- What to produce -
Without any of their pictures, return all of the records exactly.
Records shown section start
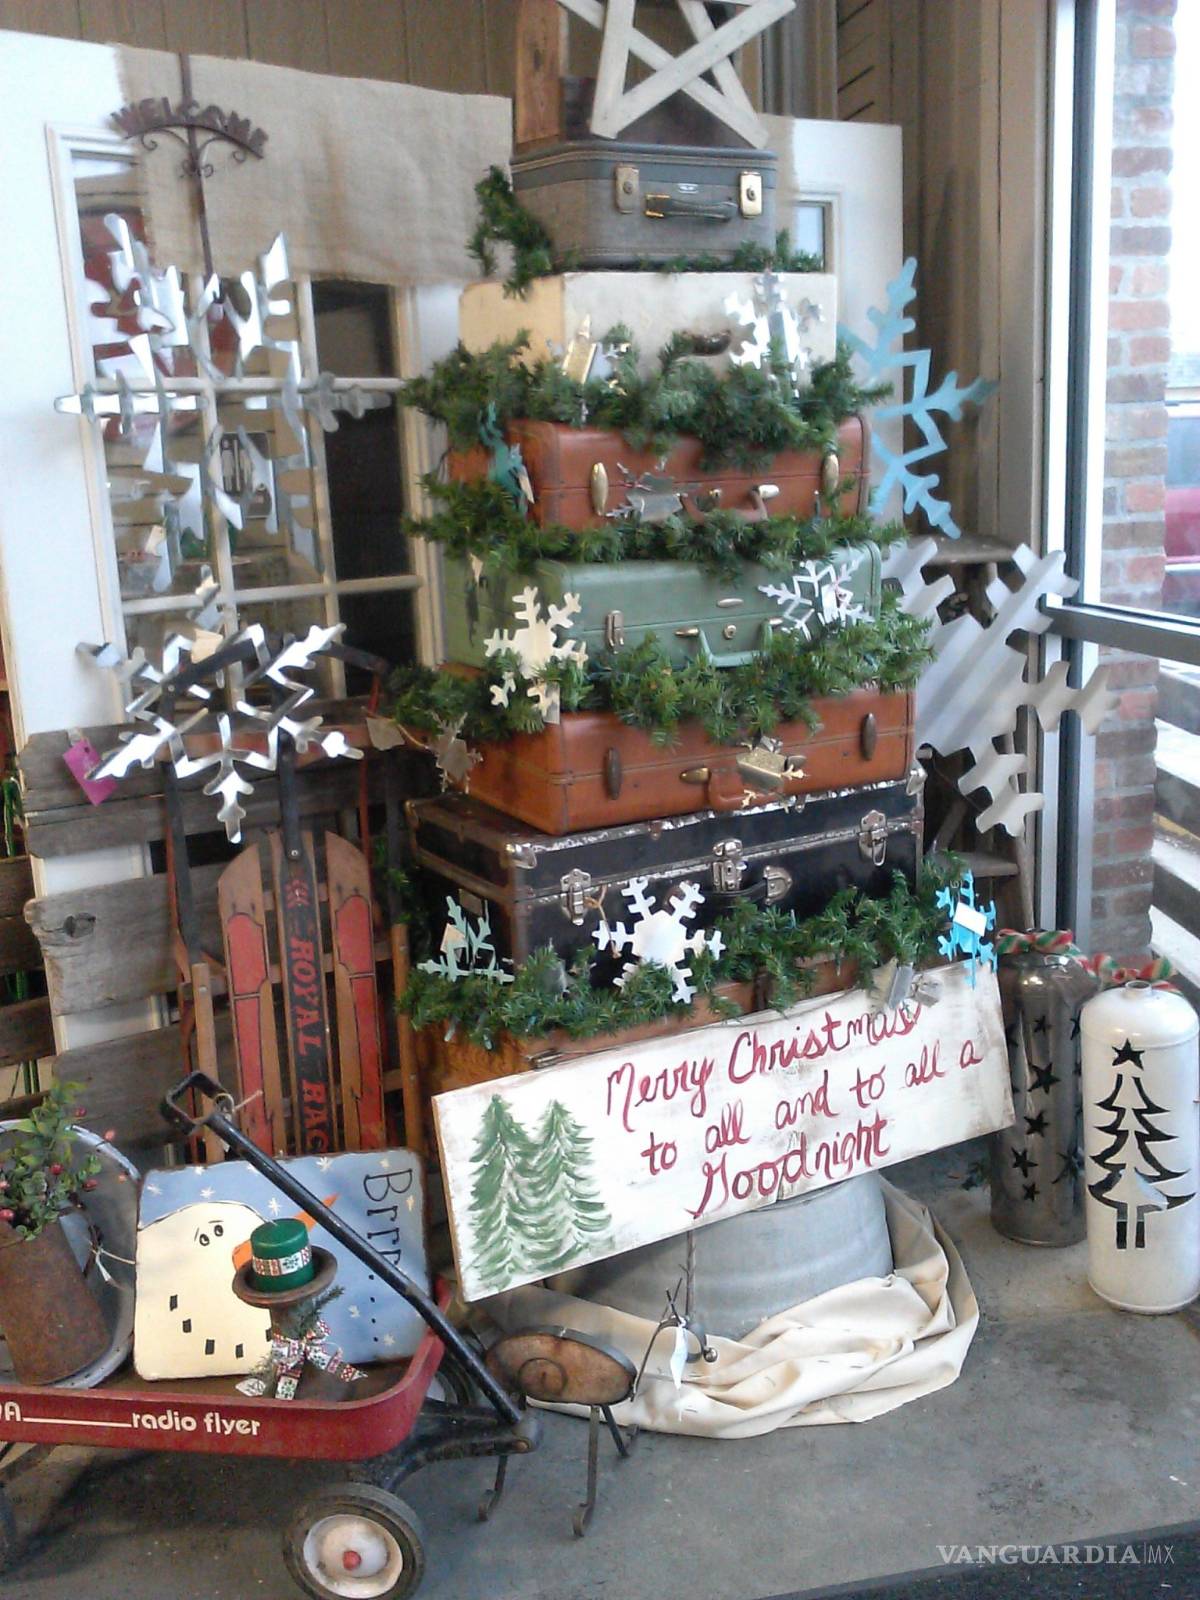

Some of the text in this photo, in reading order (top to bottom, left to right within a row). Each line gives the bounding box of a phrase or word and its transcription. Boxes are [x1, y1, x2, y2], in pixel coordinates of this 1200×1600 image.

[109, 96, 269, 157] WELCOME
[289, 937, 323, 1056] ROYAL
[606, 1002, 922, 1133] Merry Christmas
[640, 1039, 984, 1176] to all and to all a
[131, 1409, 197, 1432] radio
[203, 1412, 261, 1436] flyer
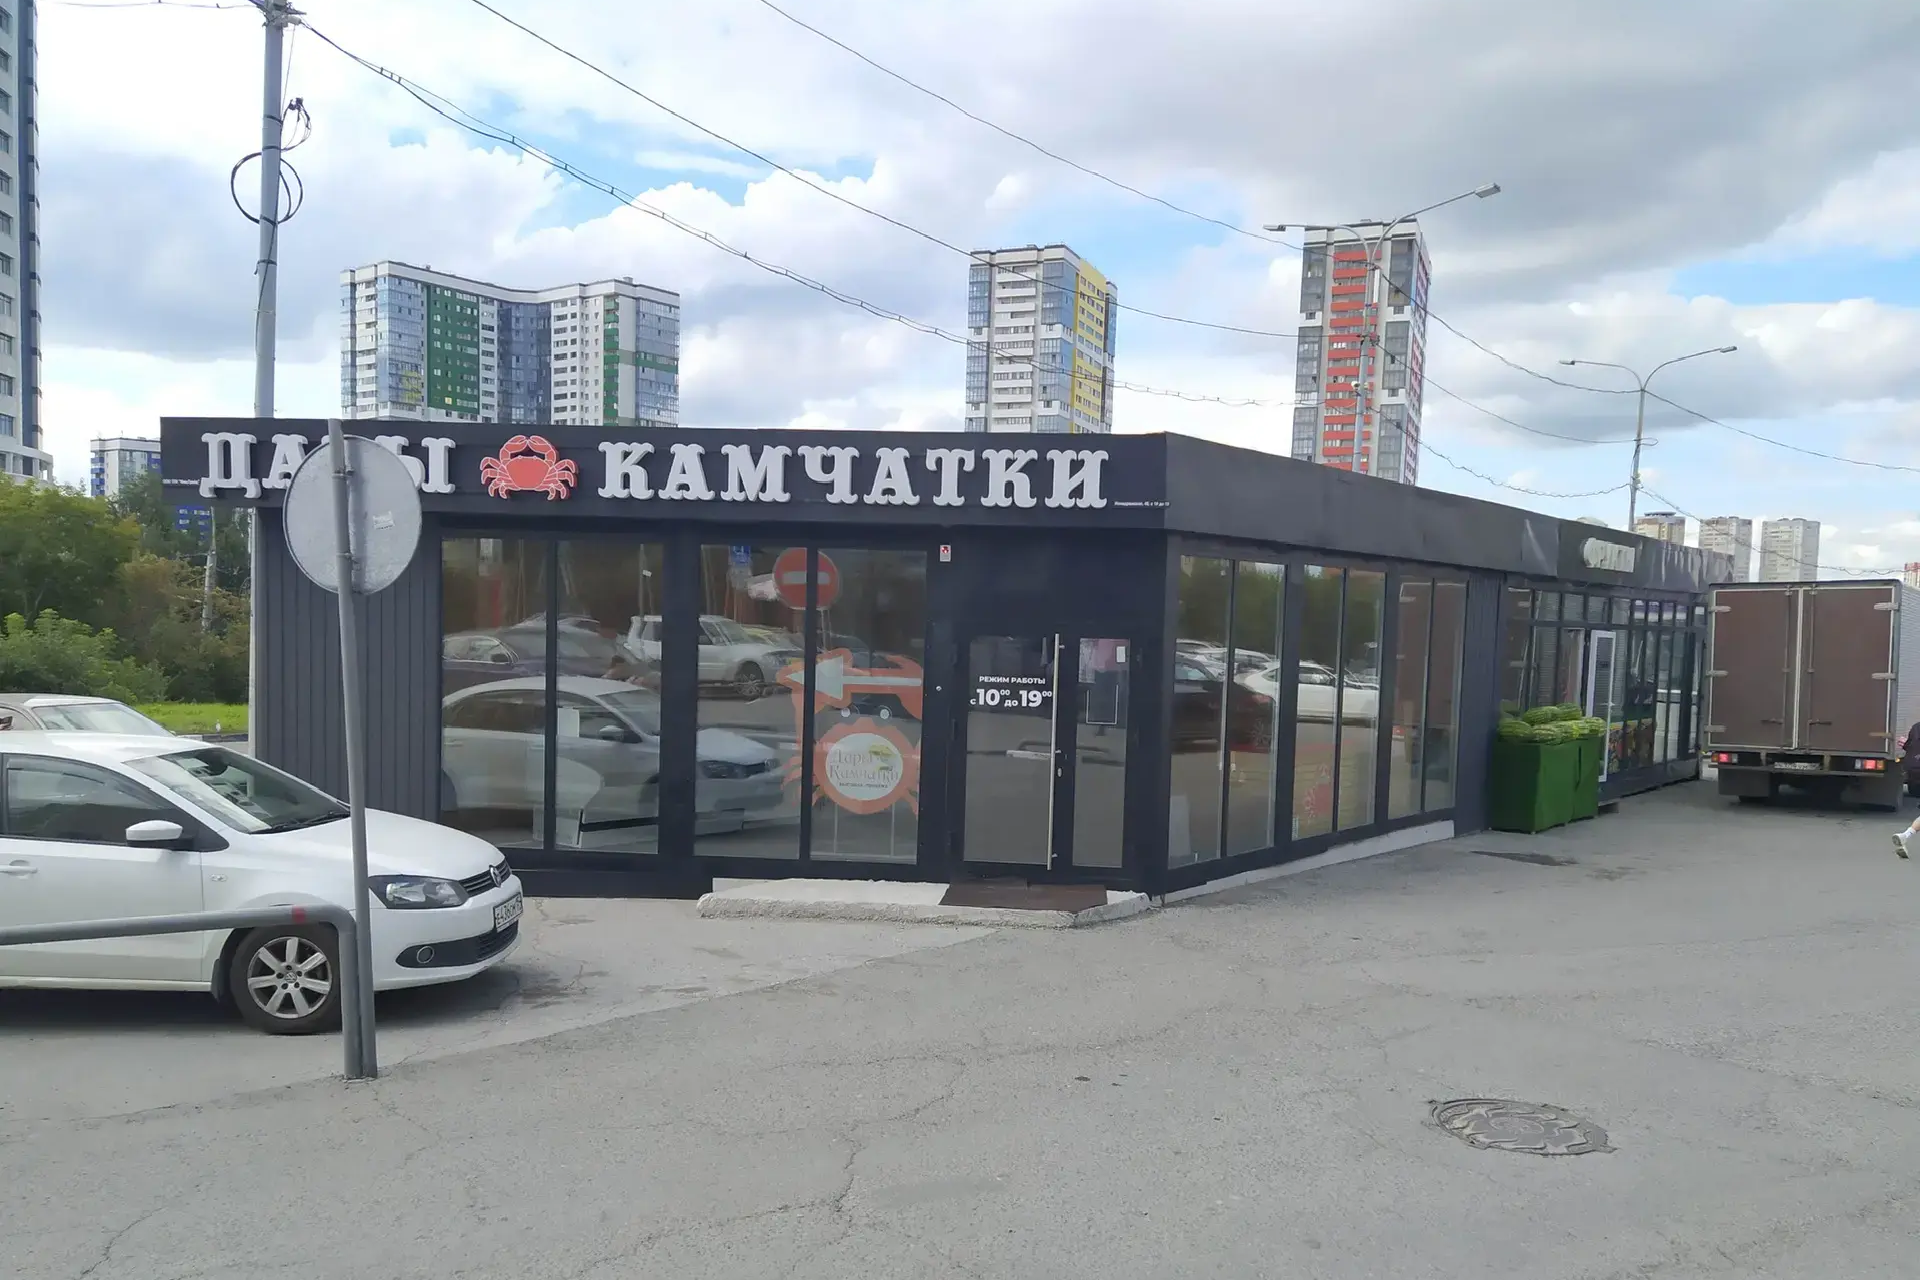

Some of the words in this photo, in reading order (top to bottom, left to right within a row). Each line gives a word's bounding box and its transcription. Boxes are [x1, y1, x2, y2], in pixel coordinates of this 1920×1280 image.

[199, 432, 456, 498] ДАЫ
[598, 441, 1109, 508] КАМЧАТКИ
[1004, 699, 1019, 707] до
Records shown section end
- Response below -
Some of the text in this photo, in reading order (top to bottom, left to right within a row). Each line gives the bounding box of a phrase or word and its transcription. Boxes are [x1, y1, x2, y2], in pixel coordinates of this 1200×1600 image.

[109, 96, 269, 157] WELCOME
[289, 937, 323, 1056] ROYAL
[606, 1002, 922, 1133] Merry Christmas
[640, 1039, 984, 1176] to all and to all a
[131, 1409, 197, 1432] radio
[203, 1412, 261, 1436] flyer

Some of the words in this photo, in reading order (top to bottom, left to right within a row). Each line gives a word's bounding box and its transcription. Boxes are [x1, y1, x2, y2], in pixel coordinates of this 1920×1280 image.

[199, 432, 456, 498] ДАЫ
[598, 441, 1109, 508] КАМЧАТКИ
[1004, 699, 1019, 707] до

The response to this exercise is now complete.